I was cutting right into my newspaper deadline, trying to get it off to press before noon. Alyssa and Payton, to my relief, were outside playing. I had gone out to check on them and they were telling me how cozy warm in was inside the bales of hay. There were 4 bales, 2 were on the bottom about 1 1/2 feet apart and the other 2 laid across the top over the space, leaving just enough space for my 2 little kids. They wanted to have a fire to play like they were camping (I think they were remembering the Pioneer Trek we went on earlier this summer). I told them it would be fine to have a PRETEND fire. That wasn't good enough for Payton. Apparently, he knows where the matches are kept. He sneaked inside, climbed up on the kitchen counter and helped himself to a small box of matches from the very back corner of the cabinet, and went back outside. Meanwhile, I was hurriedly sending files via the internet as I received a couple phone calls. Alyssa came in and patiently waited for me to hang up before informing me that "Payton burned up Daddy's hay." Who knew Payton could even light a match!?!? I have thanked my Heavenly Father again and again that our children were not inside the hay when that match was lit.

Eli and I talked about fire dangers the rest of the day and also continuously expressed our gratitude that no one was hurt. My lesson: Get a babysitter on deadline day.

Saturday, August 1, 2009

County Fair

We made it back from summer vacation just in time for the County Fair.

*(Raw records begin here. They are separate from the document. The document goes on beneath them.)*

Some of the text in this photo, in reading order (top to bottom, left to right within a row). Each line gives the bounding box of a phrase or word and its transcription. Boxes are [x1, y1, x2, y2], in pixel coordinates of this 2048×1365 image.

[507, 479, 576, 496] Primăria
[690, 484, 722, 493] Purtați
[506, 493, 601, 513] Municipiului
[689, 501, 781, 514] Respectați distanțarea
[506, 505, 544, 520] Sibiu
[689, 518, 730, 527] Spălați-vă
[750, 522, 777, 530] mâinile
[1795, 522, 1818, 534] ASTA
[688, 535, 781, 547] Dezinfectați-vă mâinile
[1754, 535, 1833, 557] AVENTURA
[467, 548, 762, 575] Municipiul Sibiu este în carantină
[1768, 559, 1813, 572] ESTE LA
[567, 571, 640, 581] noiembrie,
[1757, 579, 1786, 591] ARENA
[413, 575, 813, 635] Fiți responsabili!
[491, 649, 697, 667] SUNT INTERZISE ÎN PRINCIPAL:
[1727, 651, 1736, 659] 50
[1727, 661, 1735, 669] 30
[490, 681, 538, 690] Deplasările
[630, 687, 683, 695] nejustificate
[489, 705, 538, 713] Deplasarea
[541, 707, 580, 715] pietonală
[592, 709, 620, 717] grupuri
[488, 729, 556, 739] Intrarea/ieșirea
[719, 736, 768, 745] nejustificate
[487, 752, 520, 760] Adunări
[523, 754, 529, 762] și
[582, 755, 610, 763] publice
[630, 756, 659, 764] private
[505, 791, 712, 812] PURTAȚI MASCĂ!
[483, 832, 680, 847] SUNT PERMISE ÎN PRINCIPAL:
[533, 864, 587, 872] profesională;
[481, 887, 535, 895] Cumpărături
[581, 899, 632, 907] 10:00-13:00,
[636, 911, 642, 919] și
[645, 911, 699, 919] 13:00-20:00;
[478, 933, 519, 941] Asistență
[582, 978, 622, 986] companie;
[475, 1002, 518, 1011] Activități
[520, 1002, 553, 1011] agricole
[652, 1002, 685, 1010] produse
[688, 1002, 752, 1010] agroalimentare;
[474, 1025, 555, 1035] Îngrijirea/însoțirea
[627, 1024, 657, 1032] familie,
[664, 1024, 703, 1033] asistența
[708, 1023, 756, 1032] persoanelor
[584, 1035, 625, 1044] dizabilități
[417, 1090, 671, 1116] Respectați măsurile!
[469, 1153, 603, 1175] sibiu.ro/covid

We spent most of our time in the petting zoo. There were lots of goats. We bought feed for them, but, if you weren't paying attention they'd grab the cup right out of your hand and dump the whole cup full into their mouth.


Payton's climbs up everything these days. I am constantly telling him "come on down from there" or "that's not a jungle gym," which is kind of funny because I don't think he even knows what a jungle gym is. Do they have those on playgrounds anymore?


Brushing the cow seems to be much more fun than last year. Alyssa gave Payton all the instructions so that he would know what to do.


Inside, they had a giant kaleidoscope display. It was fun for maybe a minute. I was very disappointed that they didn't have more in there for kids to do. Last year they has several different play areas and both days we went they enjoyed playing in them. Oh well.


We did make it in time to milk the cow. I got pictures of both Payton and Alyssa but I couldn't get my camera to focus on Payton. I am having a few issues with my new camera. It does have some nice features, but it really lacks in the "point-and-shoot" department.


And finally, we ended with the best part of the whole event. The rides!


This year we stayed 1/2 a day and that was plenty of time. Last year we spent 2 evenings here. It seems like there was much more for little kids to do last year. But, still, we had fun and we'll do it again next year (on opening day the rides are only $1).